耳鳴りを繰り返すという方は、生活習慣を見直す必要があります。

十分な休憩をとる

耳鳴りの原因のひとつに自律神経の乱れがあります。

自律神経には交感神経と副交感神経があります。
交感神経と副交感神経のスイッチがうまく切り替わらないことで乱れます。

自律神経の乱れの大きな要因として、精神的、肉体的な疲労があります。
十分な休憩をとって、疲労回復に努めましょう。

ストレスを発散させる

ストレスもまた、自律神経を乱す原因となります。
精神的なストレス、肉体的ストレスが続くと耳鳴りを引き起こすことがあります。

ストレスはためずに、発散することを日常生活で心がけましょう。

食生活を改善する

耳鳴りの止め方として、食生活を改善する方法も効果があります。
もちろん栄養バランスも重要ですが、ビタミンを積極的に摂ることです。

 ビタミンのなかでもとくにビタミンB12は末梢神経の働きを活発にする栄養素です。
魚介類や貝類、レバーなどにビタミンB12が多く含まれています。

食事だけでは摂りにくいという場合は、サプリメントを活用すると良いでしょう。

禁煙する

禁煙も耳鳴りの止め方のひとつです。

タバコにはたくさんの有害物質が含まれています。
そのなかでも、ニコチンと一酸化炭素は、耳鳴りを誘発する原因となります。

ニコチンは、血管を収縮させ、一酸化炭素は血中酸素を奪います。
脳や内耳への血液や酸素の供給を妨げるため、耳鳴りが起きやすくなります。
耳鳴りを悪化させないためにも禁煙しましょう。

気圧・温度変化に注意する

天気が悪くなると体は気圧の変化によって、膨張する傾向があります。
低気圧の通過や台風の接近などにより、血管が膨張すると神経を圧迫します。

また、気温差によって自律神経が乱れることがあります。
気圧や温度差は、このような理由で耳鳴りを誘発するので注意しましょう。

体の緊張をほぐす

自律神経の乱れが原因で耳鳴りが起きている場合、筋肉の疲労や緊張が関係している可能性があります。
肩こりや頭痛が併発している場合は、自律神経失調症である場合が多いです。

対策として、自律神経のバランスを整えることの他に、首や肩周りの筋肉の緊張をほぐすことが挙げられます。

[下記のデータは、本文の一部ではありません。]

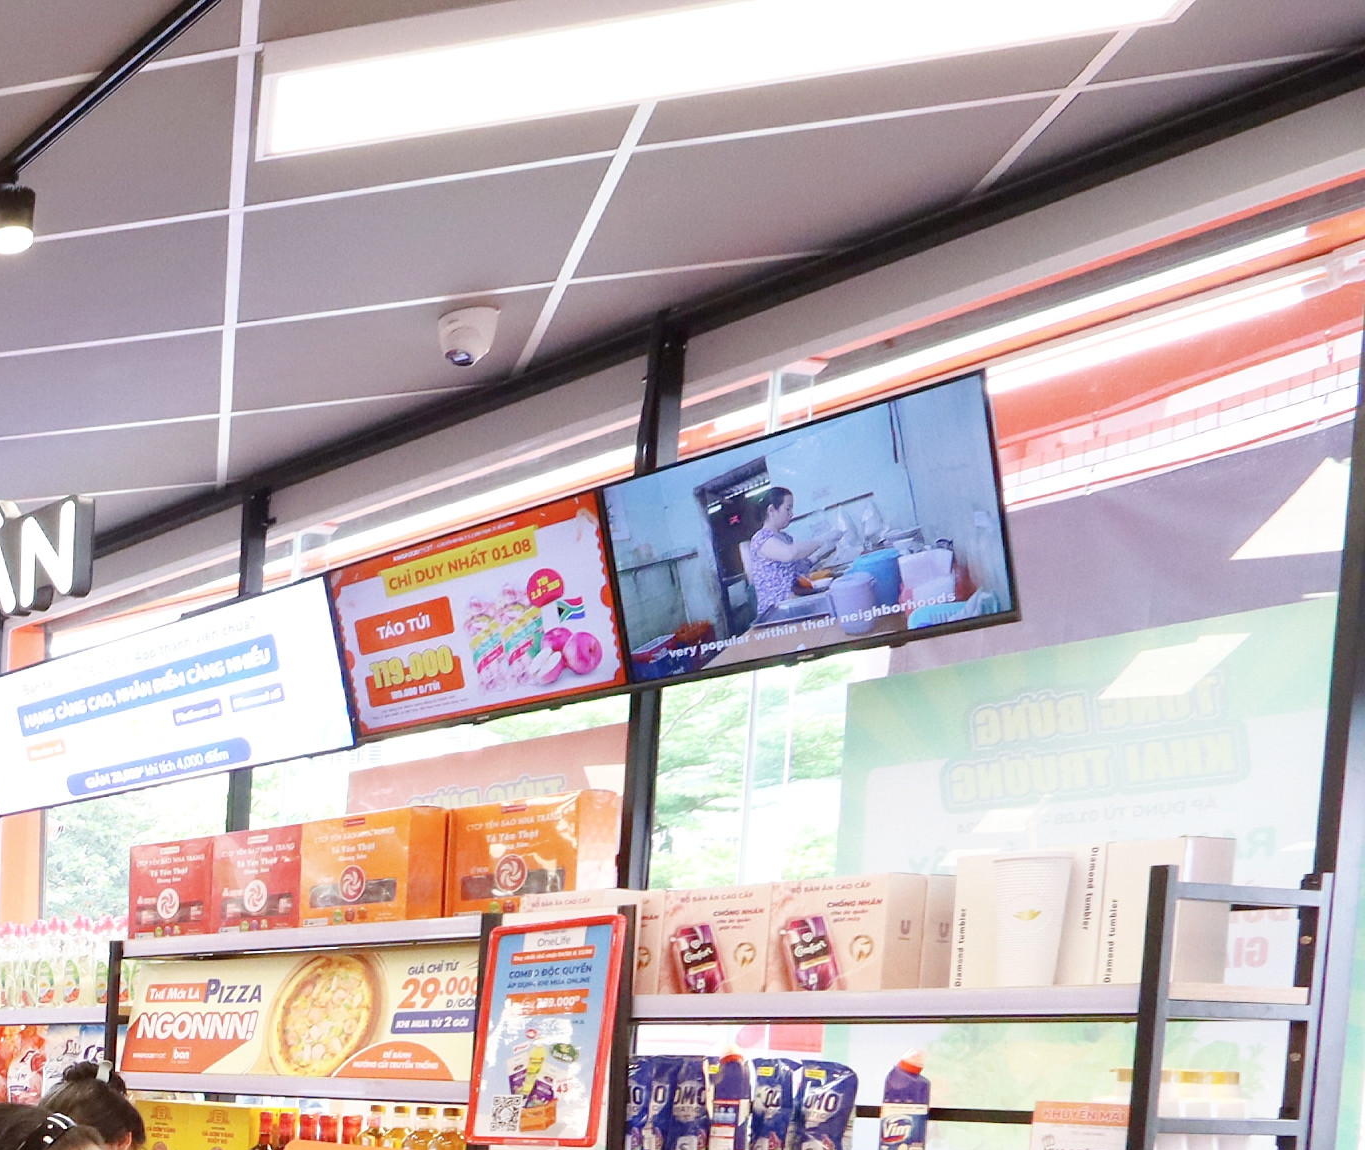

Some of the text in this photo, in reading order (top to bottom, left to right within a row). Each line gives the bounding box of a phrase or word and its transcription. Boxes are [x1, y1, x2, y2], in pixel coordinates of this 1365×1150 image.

デスクワークや長時間同じ姿勢で仕事をする人などは、時々腕の力を抜いて手や腕をぶらぶらする運動をしましょう。
これだけでも肩周りの筋肉の緊張がほぐれるため、耳鳴りの予防に効果があります。

血行を良くする

全身の血行が良くなると、内耳の血流が良くなるため、耳など体の内部に原因があるめまいや、耳鳴りの予防に効果があります。

血流を良くするためには、軽いエクササイズやウォーキングなどの運動がおすすめです。
また、お風呂に浸かることで体に水圧がかかり、毛細血管や筋肉が収縮するため血行が促進されます。
シャワーでは体に水圧がかからないため、出来るだけ毎日お風呂に入ることを心がけましょう。

ビタミンB12を摂取する

ビタミンB12には、末梢神経の代謝を改善する効果があります。
耳鳴りや難聴は、内耳の神経機能が低下している場合が多いため、ビタミンB12は耳鳴りやめまいの治療にも使われています。

老人性難聴は加齢によるものですが、これは胃酸の分泌が減り、タンパク質と結合したビタミンB12が吸収されにくくなるためと考えられています。

耳鳴りや難聴の予防にもビタミンB12が含まれる食品を食べることを意識しましょう。

ビタミンB12が含まれる食べ物

ビタミンB12は動物性食品に多く含まれているのが特徴です。
ここでは、ビタミンB12が多く含まれている食品を紹介します。

  • しじみ
  • あさり
  • レバー
  • いわし
  • さんま
  • かつお

耳鳴の止め方・予防方法について、さらに詳しく知りたい方は、こちらの記事も是非ご覧ください。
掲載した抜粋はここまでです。